Roadshow: San Jose may enlist homeless to pick up highway trash
By Gary Richards
Originally posted on 10/05/2014 here
Q We couldn’t be more in agreement with the sentiments expressed on litter in the San Jose area. We have formed a task force of the Campus Community Association’s Beautification Committee to improve the condition of the Interstate 280 ramps at 10th and 11th Streets, gateways to our city. We are very interested that Caltrans plans to meet with South Bay leaders to consider remedies.
Susan Snydal
Freeway Gateway Task Force
A Me, too. This week the San Jose Streets Team will be launching a proposed solution to the city’s trash and graffiti problem at a portion of the freeways where the city actually has some control: offramps. It’s being called the “San Jose Gateways Initiative,” focusing on ramps where nearby employers and companies are willing to pitch in a few bucks to clean up.
Here are some ideas being considered, according to San Jose Councilman Sam Liccardo: “You’ll see Streets Team employing homeless individuals in the cleanup in exchange for housing and food vouchers.
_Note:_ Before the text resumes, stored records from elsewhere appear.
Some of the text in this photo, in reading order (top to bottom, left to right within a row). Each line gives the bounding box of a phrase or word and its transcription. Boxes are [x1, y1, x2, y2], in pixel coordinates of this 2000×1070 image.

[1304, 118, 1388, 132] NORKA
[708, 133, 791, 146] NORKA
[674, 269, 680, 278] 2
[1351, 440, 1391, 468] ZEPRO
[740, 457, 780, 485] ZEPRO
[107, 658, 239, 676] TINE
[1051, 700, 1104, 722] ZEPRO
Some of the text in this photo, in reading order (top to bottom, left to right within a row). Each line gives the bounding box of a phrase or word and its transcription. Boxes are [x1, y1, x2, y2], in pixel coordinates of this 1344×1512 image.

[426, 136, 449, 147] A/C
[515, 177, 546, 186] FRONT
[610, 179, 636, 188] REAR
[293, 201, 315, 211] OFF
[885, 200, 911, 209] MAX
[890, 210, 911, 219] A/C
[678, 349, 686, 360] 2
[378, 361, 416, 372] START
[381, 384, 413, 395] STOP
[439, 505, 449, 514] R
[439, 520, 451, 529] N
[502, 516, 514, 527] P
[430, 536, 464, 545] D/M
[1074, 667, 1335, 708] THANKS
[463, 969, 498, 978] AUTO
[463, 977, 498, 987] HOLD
Team members will also be planting flowers and painting over graffiti.”
Q You indicate that you’ve been writing about this trash and graffiti problem for 10 years and implied that the problem “is not worse.” This points to how ineffective your articles have been in effecting substantive change. How is it that North Carolina and many cities can fix the problem and we here in San Jose cannot? You should address these issues with more vigor and press much harder for action.
San Jose, the so-called “heart of Silicon Valley,” has become one of the ugliest and trashiest cities in the nation. We should all be embarrassed, and we should press our government representatives to do something much more effective about this and not let another 10 years go by with essentially nothing substantive being done.
Ben Reasons
San Jose
A Hey, I’m trying. I once had a merry team cleaning the Highway 87 interchange at Santa Teresa Boulevard. We’ve put away our trash bags, but now I write about it to prod action.
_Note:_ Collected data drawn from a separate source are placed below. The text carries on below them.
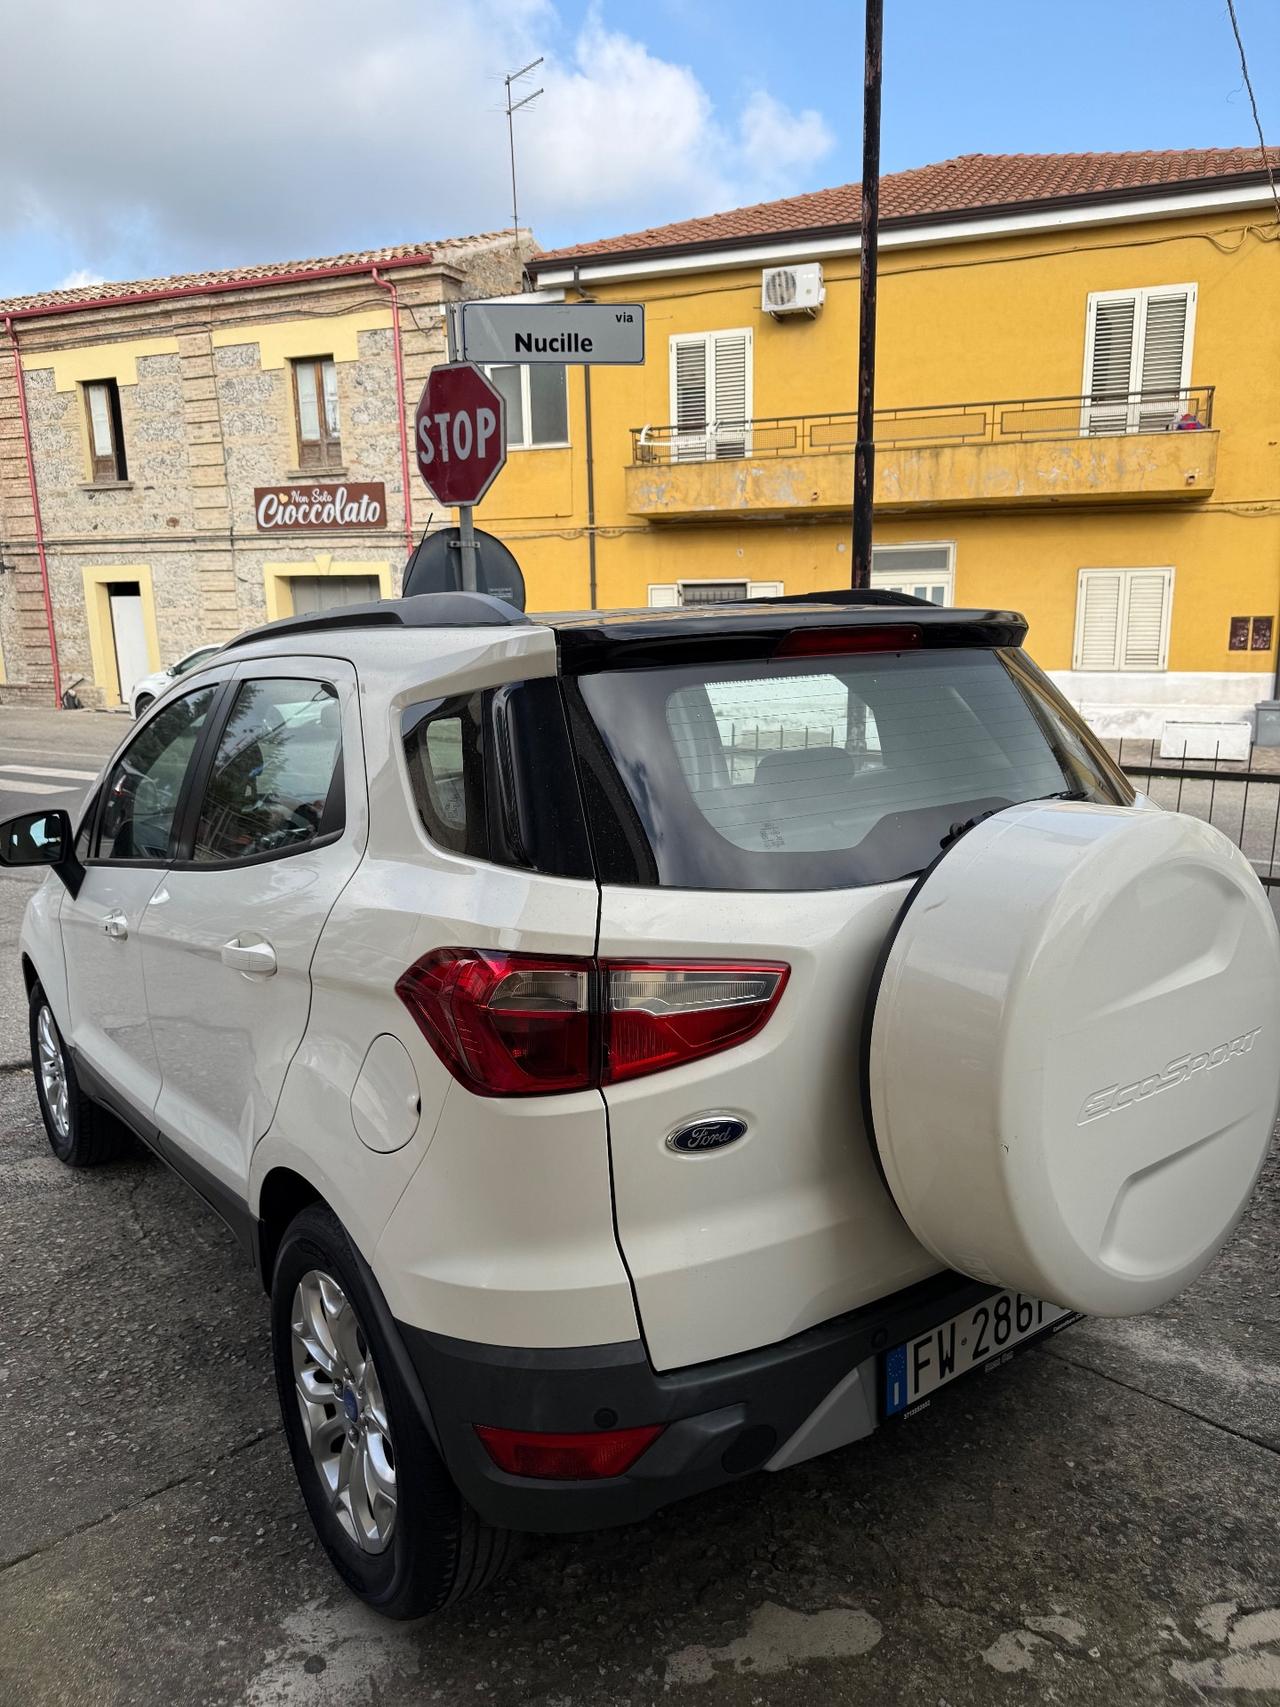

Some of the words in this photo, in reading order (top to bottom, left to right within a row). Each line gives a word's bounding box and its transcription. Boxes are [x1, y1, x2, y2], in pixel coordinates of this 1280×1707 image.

[615, 311, 634, 323] via
[514, 332, 593, 353] Nucille
[418, 407, 497, 465] STOP
[257, 486, 381, 528] Cioccolato
[290, 489, 309, 504] Non
[311, 488, 333, 503] Solo
[687, 1124, 732, 1148] Ford
Q Gary, is there still a way to report people throwing cigarettes out the window? Please don’t use my name, as I have friends who smoke. … Can you share all the letters you have received in support of throwing cigarette butts out the window? You must have a lot, because I see it every day and smoking drivers are receiving approval from somebody!
D.N. and Jonathon Martinsen
A There is no litter hotline anymore, but you can call the city’s graffiti hotline at 1-866-249-0543 or e-mail antigraffiti@sanjoseca.gov. By the way, cigarette butts are the No. 1 form of trash on our roads.
Q I used to live in Palo Alto and loved your columns! In Atlanta, I listened to an attorney, Neil Boortz, on the radio. He had a law office he owned. One day while looking out the window, he saw a woman dump her ashtray onto his beautiful, pristine pavement before she went into a shopping center. He dashed out with his super glue and stuck all those butts onto her windshield.
Gloria Bryant
Lynchburg, Virginia
A Now there’s an attorney to admire.